Data Dissemination and Impact

Data metrics indicate research impact, allowing researchers to assess the repercussions and influence of their work. Citation and usage metrics are included, and are visible on the landing page of each dataset publication. 

Except for projects categorized as “Other,” a project can encompass more than one dataset publication in the Data Depot Repository (DDR). Different creators may produce projects at different times, and have different DOIs. We report metrics per published dataset with a DOI. 

Data Usage Metrics

Usage metrics published in the DDR follow the Make Data Count (MDC) Counter Code of Practice for Research Data. This is a community standard to count data usage transparently and in a normalized way. (For more information about this approach please visit Make Data Count Metrics.) Towards normalization, a session is an important concept to understand.

Session: All data usage activity during one clock hour from a single IP address and user-agent (a string that identifies the user's browser and operating system.).
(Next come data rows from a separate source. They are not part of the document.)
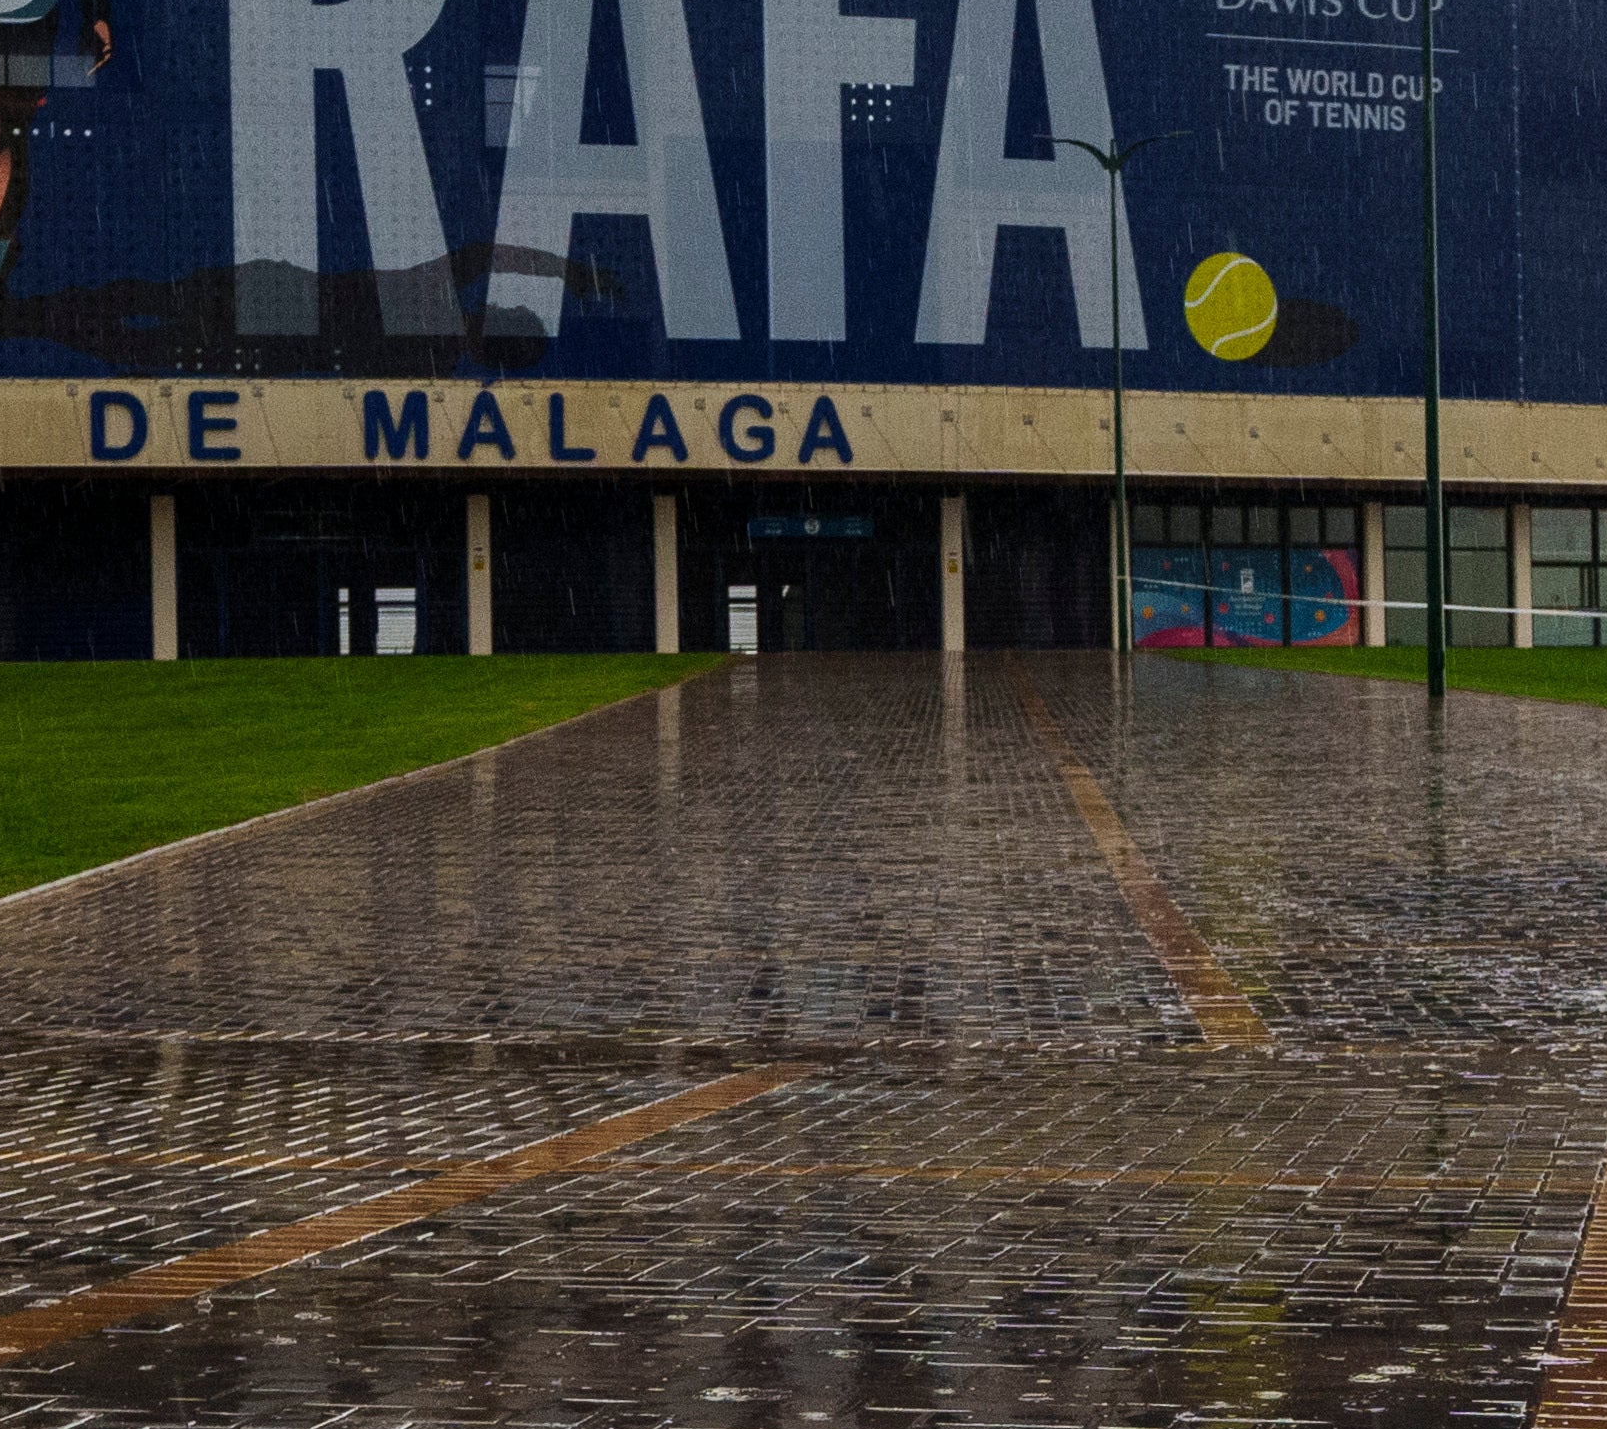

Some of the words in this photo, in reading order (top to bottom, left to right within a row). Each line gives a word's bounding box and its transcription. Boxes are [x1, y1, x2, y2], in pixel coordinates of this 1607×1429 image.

[1224, 64, 1279, 94] THE
[1286, 68, 1384, 99] WORLD
[1264, 100, 1298, 126] OF
[1308, 102, 1406, 131] TENNIS
[89, 390, 242, 463] DE
[364, 378, 854, 463] MÁLAGA
This is used as a proxy for distinct users to count unique requests and unique investigations.

Descriptions of each usage metric reported by DDR are below.

  • File Preview: Examining data from an individual data publication (clicking on a file name, for example) brings up a modal window that previews the files. Those file previews are counted. However, not all document types can be previewed. Text files, spreadsheets, graphics, and code files can be previewed (e.g. .txt, .doc, .docx, .csv, .xlsx, .pdf, .jpg, .m, .ipynb). Binary executables, MATLAB containers, compressed files, and video files cannot be previewed (eg. .bin, .mat, .zip, .tar, mp4, .mov). Only previewable files are counted. Users will see a count of all the files that have been previewed in the data publication.
  • File Download: Copying a file to the user’s machine, or to a storage device that the machine has access to. This can be done by ticking the checkbox next to a file and selecting "Download" at the top of the project page. With files that can be previewed, clicking "Download" at the top of the preview modal window has the same effect. Downloads are counted on an individual file basis. We also consider counts when users tick the checkbox next to a file and select "Copy" at the top of the project page. The counts of copying a file from the published project can be to the user's My Data or My Projects to Tools and Applications in the Workspace, or to one of the connected spaces (Box, Dropbox, Google Drive).
  • Total Requests: Total file downloads + total file previews. This is counted for each data publication that has a DOI (eg. Simulation, Experiment, Mission, Hybrid simulation , Documents Collection and Project Type Other).
  • Unique Requests: Sessions in which one or more files are downloaded or previewed. Any downloads, previews, copies of files, or project downloads from a single data publication (DOI) by a user in a single session counts as one Unique Request. This is counted for each data publication with a single DOI including Simulations, Hybrid Simulations, Experiments, Missions, Documents Collection and Project Type Other. 
  • Unique Investigations: Sessions in which any project or publications metadata is viewed, or one or more files is downloaded or previewed. Any viewing of metadata as well as any downloads, previews, copies of files, or project downloads from a single data publication (DOI) by a user in a single session counts as one Unique Investigation. This is counted for each data publication with a single DOI including Simulations, Hybrid Simulations, Experiments, Missions, Documents Collection and type Other projects.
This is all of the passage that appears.